BY STEPHANIE WOODCOCK
When do owners usually start thinking about marketing? When they need to get more business, correct? When they experience a lull or change in the market or business climate that spurs them to say to themselves (and I’m paraphrasing), “Hmmm…I need to get more butts in the seats.”
But what if owners look at the purpose of marketing a little differently? What about those “butts already in the seats,” so to speak? In other words, what about those customers they already have?
In traditional marketing there is a sales funnel. We market to the masses through traditional and non-traditional means – radio, television, billboards, flyers, social media, electronic marketing and signage. The sole purpose of this broad-reaching campaign is to “catch” as many in that large end of the funnel as possible. Then we keep marketing to that captured audience through drip marketing and ta-da: out comes a sale at the small end of the funnel!
What if we flipped that funnel upside down and started marketing to the core business base we already have? This outlandish idea also flips the definition of marketing on its head. I can hear the objections now (again paraphrasing): “Why spend all that money on customers I already have? I want more and new customers. I’m looking to differentiate and move into new markets. I’m looking at my numbers, and I need to increase volume and sales by XX percent.”
Marketing is part of an overall strategic culture of a company. If part of that strategy and culture is appreciating those longtime clients and the core business we already have, we can transform our sales approach. By spending time and marketing dollars on our core customer base, we help instill a sense of ownership, loyalty and “brand love” with our clients. We fill up that small end of the funnel, invest in our greatest resources and trust they will help spread our message.

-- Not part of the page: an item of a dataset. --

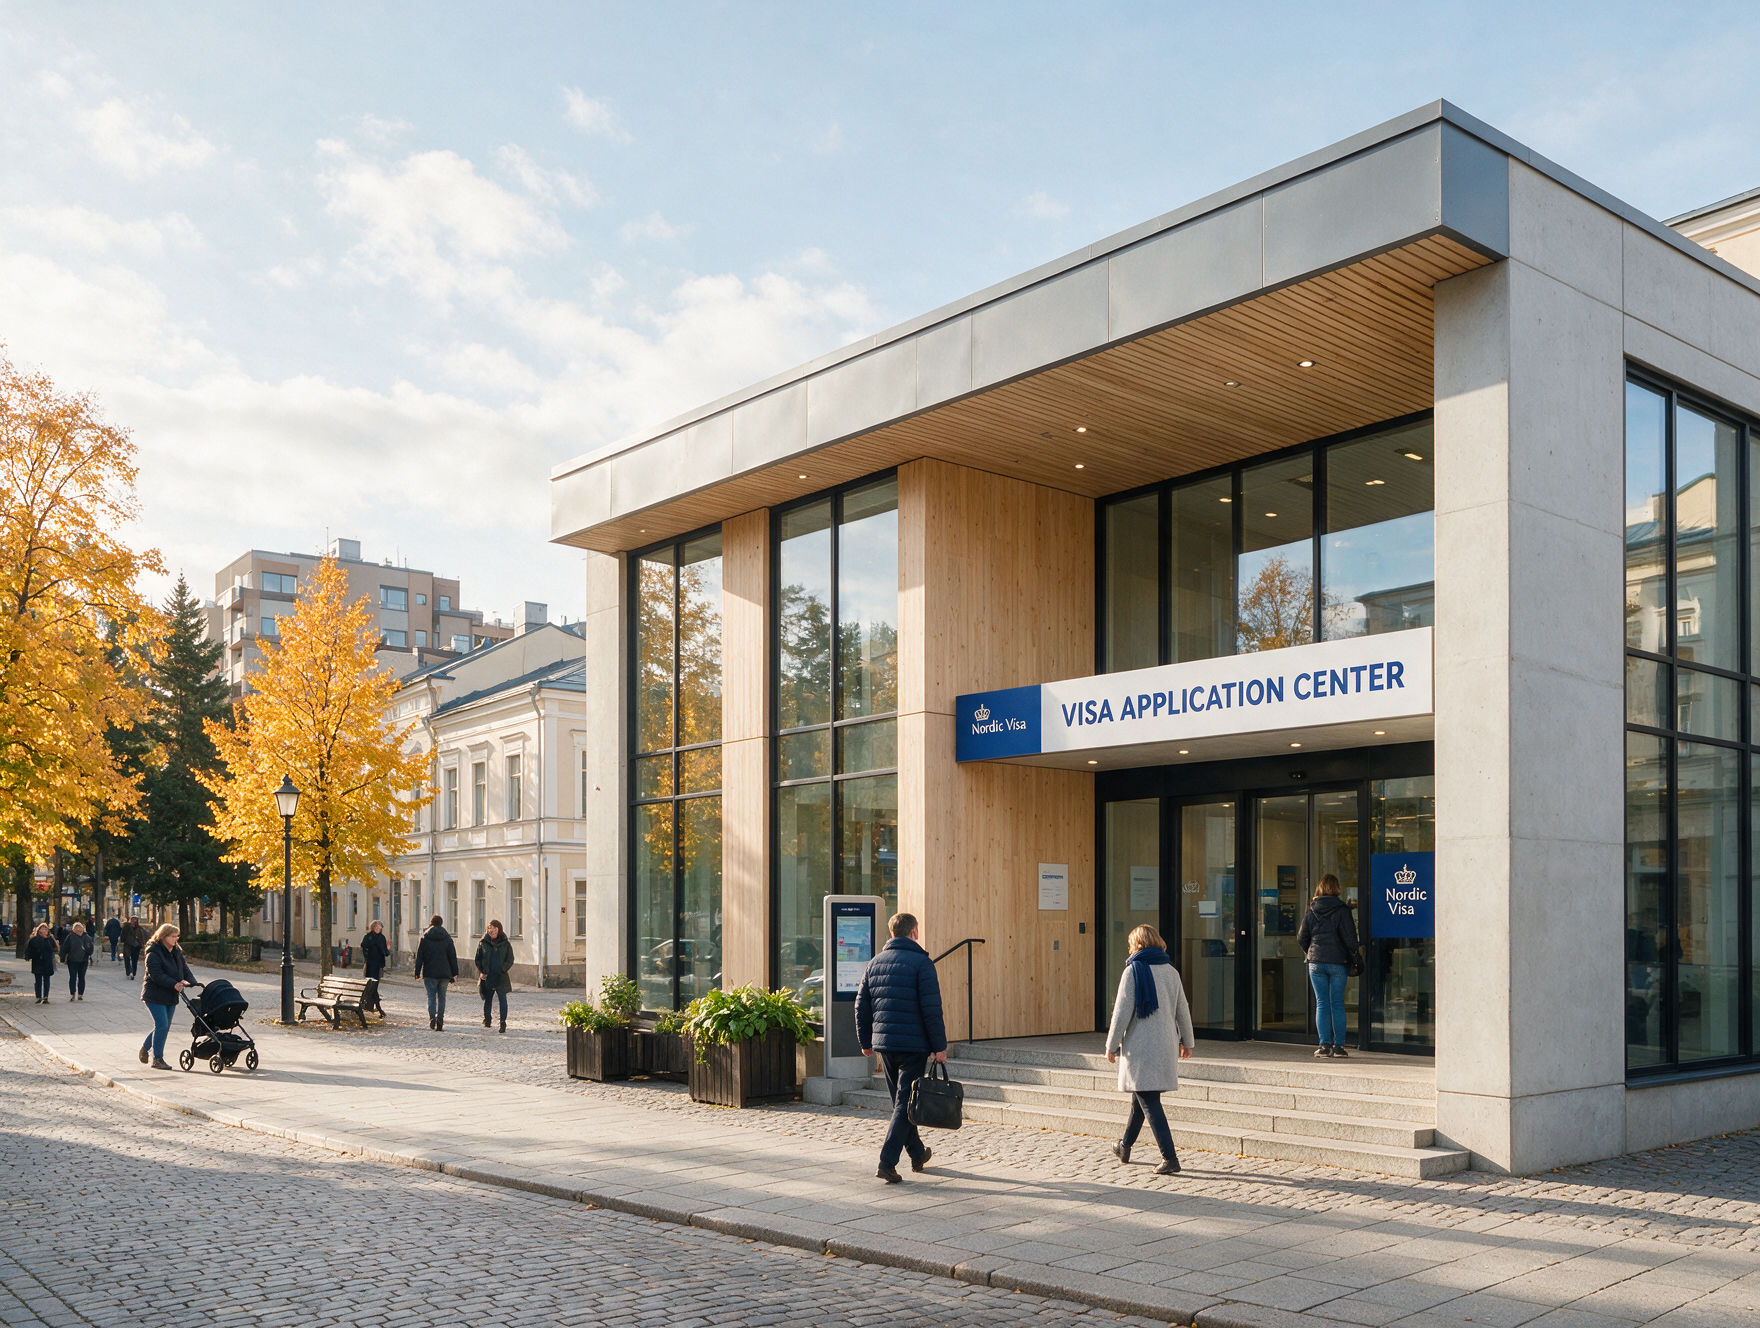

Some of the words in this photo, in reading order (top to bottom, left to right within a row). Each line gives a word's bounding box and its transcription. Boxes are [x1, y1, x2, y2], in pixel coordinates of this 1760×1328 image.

While there is a time, place and strategy for marketing to the masses and filling up that large end of the funnel, sometimes we can miss the forest for the trees in the process. We are so concerned with getting more butts in the seats that we become obsessed with the seat – the height, the cushion, the proximity to other seats and the emptiness. We can’t wait to pack the room with a new, fresh audience of future customers ready to buy that we miss the low-hanging fruit of what we already have.
Part of our marketing plan should be focusing on existing customers and going beyond the status quo in our marketing efforts. If we concentrate our marketing message and dollars on helping our existing customers feel special, they will gladly spread our brand for us. When we start appreciating them, we reap dividends in referrals. Plus, we get to build on an already established platform of trust.
I am a big advocate of referrals and the power of word of mouth. In fact, research shows that 70 percent of buying experiences are based on how the customer feels he or she is being treated. My company has grown through just that – referrals and word of mouth. I have a select few who I thank often for helping me grow (you know who you are). Then I try to do a good (great) job for my clients and see where else that word of mouth takes me. While I like to display your marketing message in as many creative ways as possible, nothing, absolutely nothing, beats word of mouth.
But clients need something to talk about. They need to see a new marketing campaign, a new website or be invited to a carefully orchestrated open house. They need to see a marketing plan in action and feel like they are an essential, intrinsic part of it.
If we market to our clients, if we create a VIP club and appreciate them with our marketing dollars, clever marketing messages, promotional giveaways, happy hours or simply thank-you messages, if we appreciate them the way they deserve, that upside down funnel will start churning out new customers.
We essentially market to the masses as well. We do it through our customers. Our core clients tell other new, potential customers about the loyalty and brand love they have towards us and ta-da: out comes more sales. In other words, our powerful word-of-mouth message and our strategic culture of making our customers our primary focus helps increase the volume of our sales.
We are no longer marketing to sell to the masses. We are marketing to appreciate our current customer base: the people who keep the lights on. Then we will realize that this forest has a lot of trees. Plus, those new customers we get through word of mouth have been vetted and already believe in our strategic culture because they have started with trust. It’s a beautiful thing when marketing goes from selling to the masses to appreciating the most important.
I’m not advocating removing all marketing to potential new clients. However, I am proposing a new way of approaching marketing. It begins with a company-wide culture of appreciating clients. In this type of culture, the main goal is appreciating those we already have rather than despairing over those we don’t have. Potential customers know when they are being oversold to. In the same way, they know when they are being appreciated. How we frame our marketing messages to both segments can make all the difference.
With this approach, the new clients will come. They will wonder what all the fuss is about. They will see all those butts in the seats and wonder why they are all being treated so well. Instead of being sold to, they will see and hear all about the brand loyalty and brand love that they are missing out on.
Benjamin Franklin famously stated, “Well done is better than well said.” We can say all we want in our marketing messages, but the people who have walked through our doors and experienced our service and product firsthand are the best messengers. They can testify to the fact that our companies are “well done” as opposed to just “well said.”